## Problem statement
Print the records below exactly, omitting all pictures.
━━━ Records to process
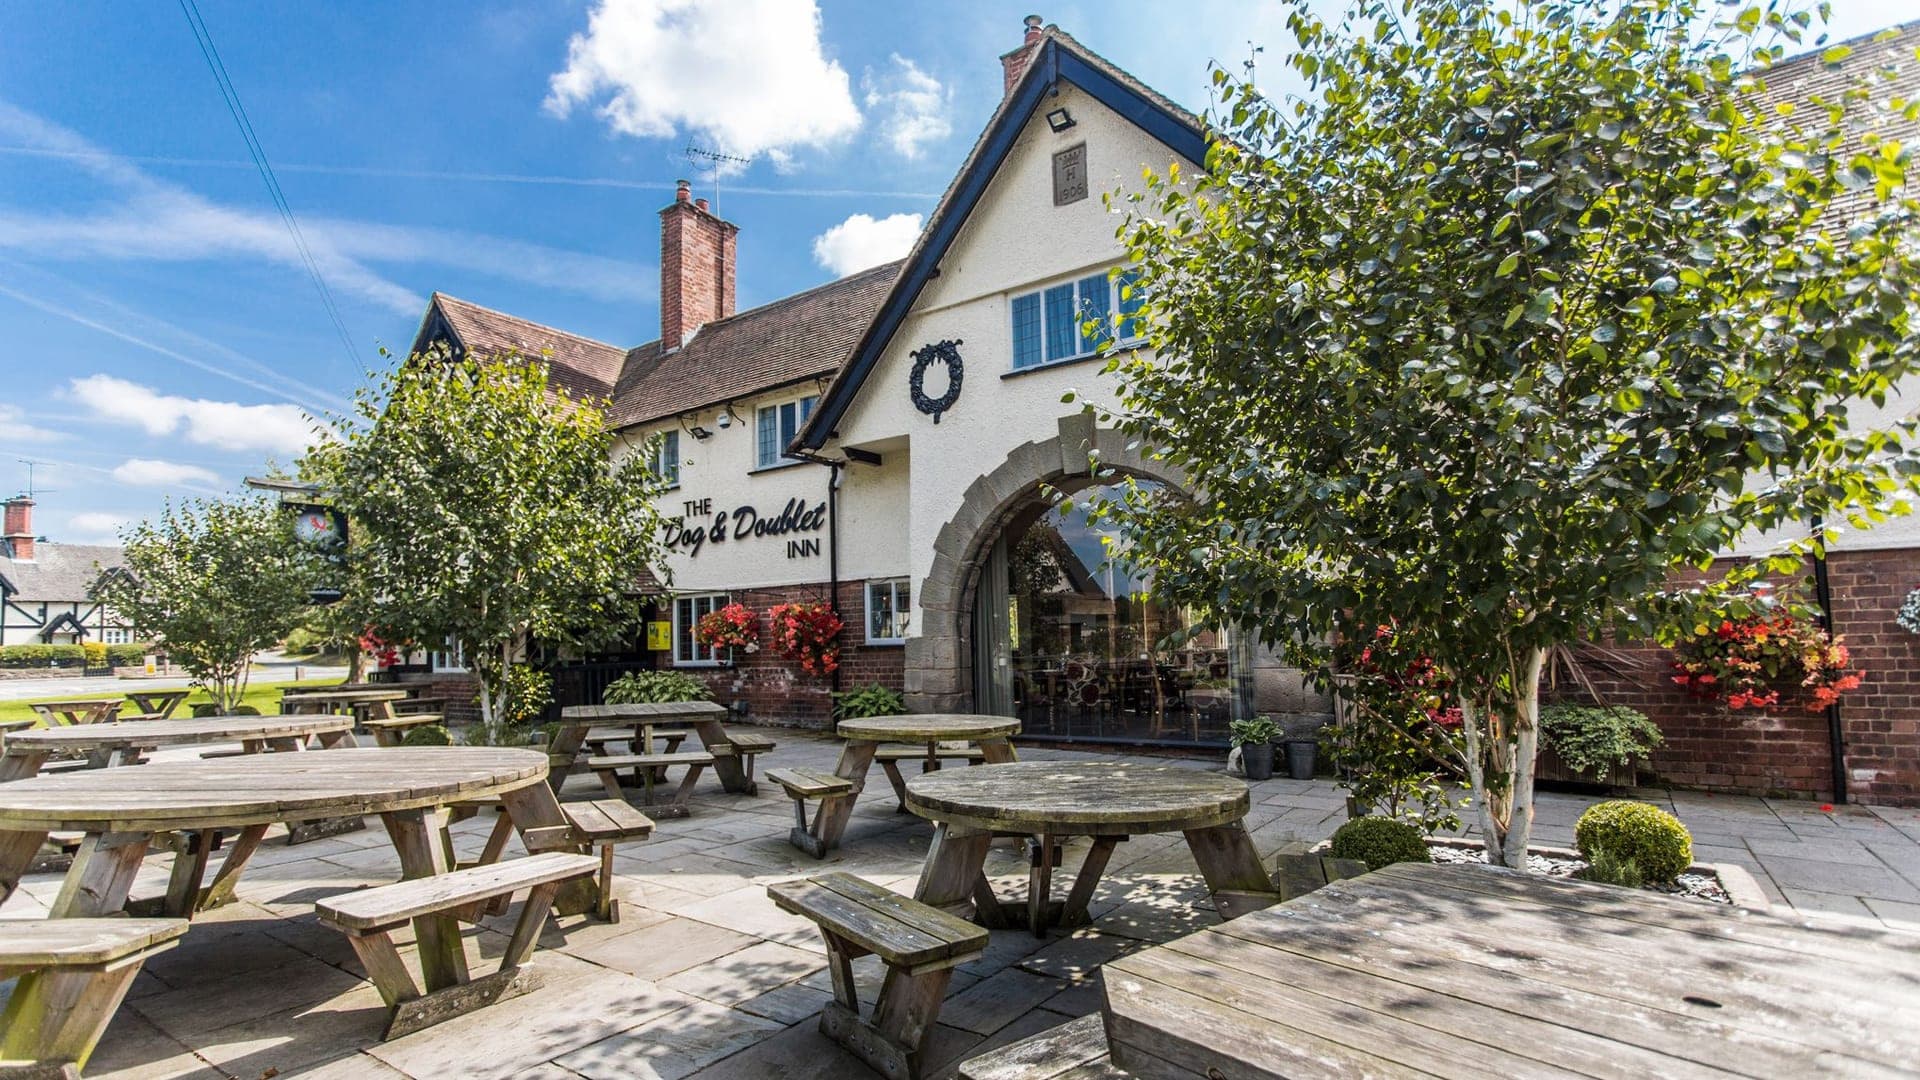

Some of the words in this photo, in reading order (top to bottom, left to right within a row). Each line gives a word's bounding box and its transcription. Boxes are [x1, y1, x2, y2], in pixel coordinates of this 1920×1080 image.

[683, 498, 712, 517] THE
[661, 516, 707, 558] Dog
[709, 511, 728, 544] &
[732, 497, 826, 540] Doublet
[787, 538, 820, 559] INN
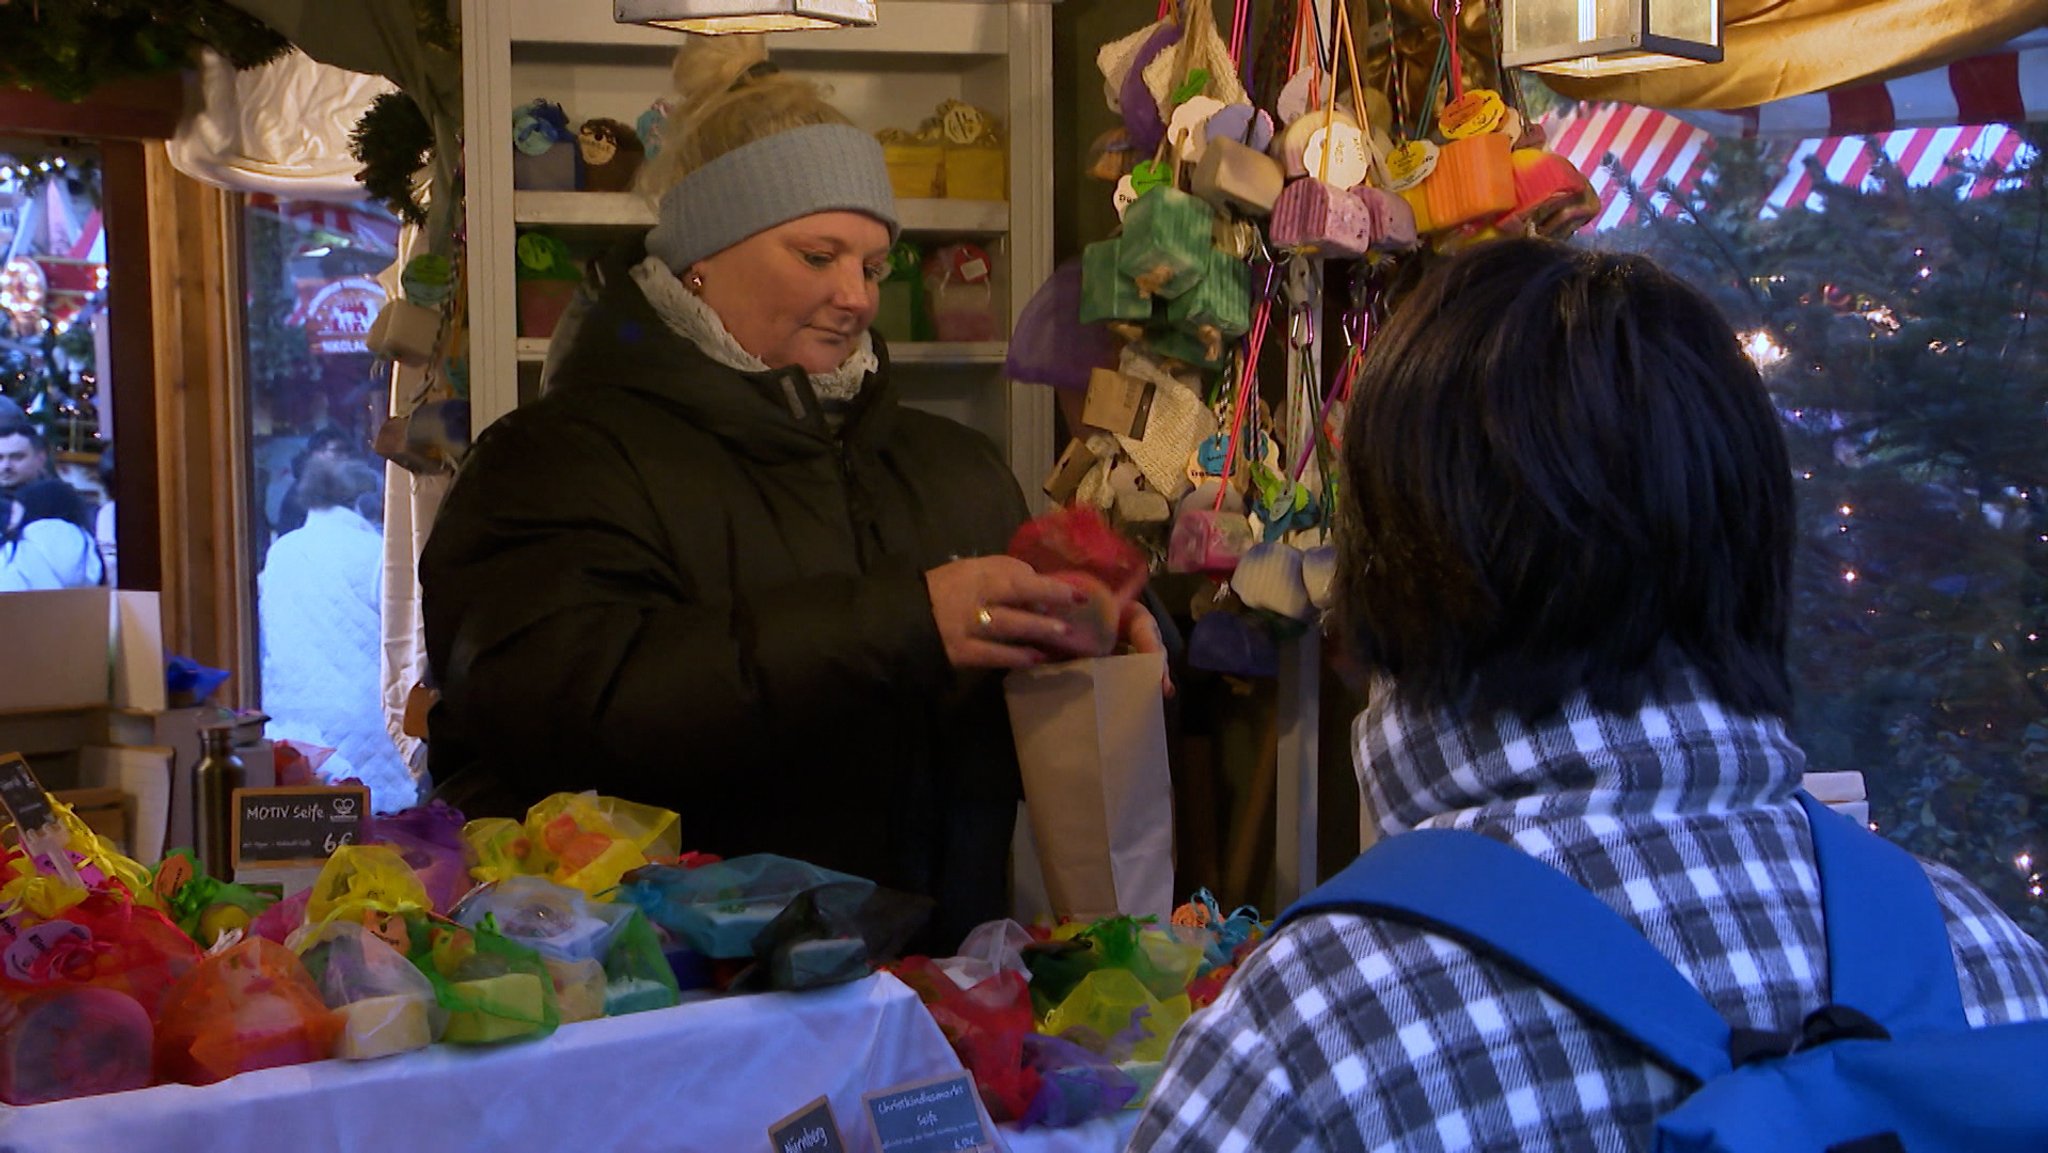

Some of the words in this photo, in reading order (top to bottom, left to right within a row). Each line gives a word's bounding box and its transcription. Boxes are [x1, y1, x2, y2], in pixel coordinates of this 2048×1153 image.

[321, 340, 369, 353] NIKOLA
[247, 804, 290, 822] MOTIV
[292, 803, 325, 823] Seife
[783, 1126, 829, 1153] Nürnberg
━━━━━━
## Answer space
Some of the words in this photo, in reading order (top to bottom, left to right within a row). Each line gives a word's bounding box and its transcription. Boxes are [x1, y1, x2, y2], in pixel coordinates of this 1920×1080 image.

[683, 498, 712, 517] THE
[661, 516, 707, 558] Dog
[709, 511, 728, 544] &
[732, 497, 826, 540] Doublet
[787, 538, 820, 559] INN

Some of the words in this photo, in reading order (top to bottom, left to right within a row). Each line gives a word's bounding box and its transcription. Boxes are [x1, y1, x2, y2], in pixel coordinates of this 2048×1153 image.

[321, 340, 369, 353] NIKOLA
[247, 804, 290, 822] MOTIV
[292, 803, 325, 823] Seife
[783, 1126, 829, 1153] Nürnberg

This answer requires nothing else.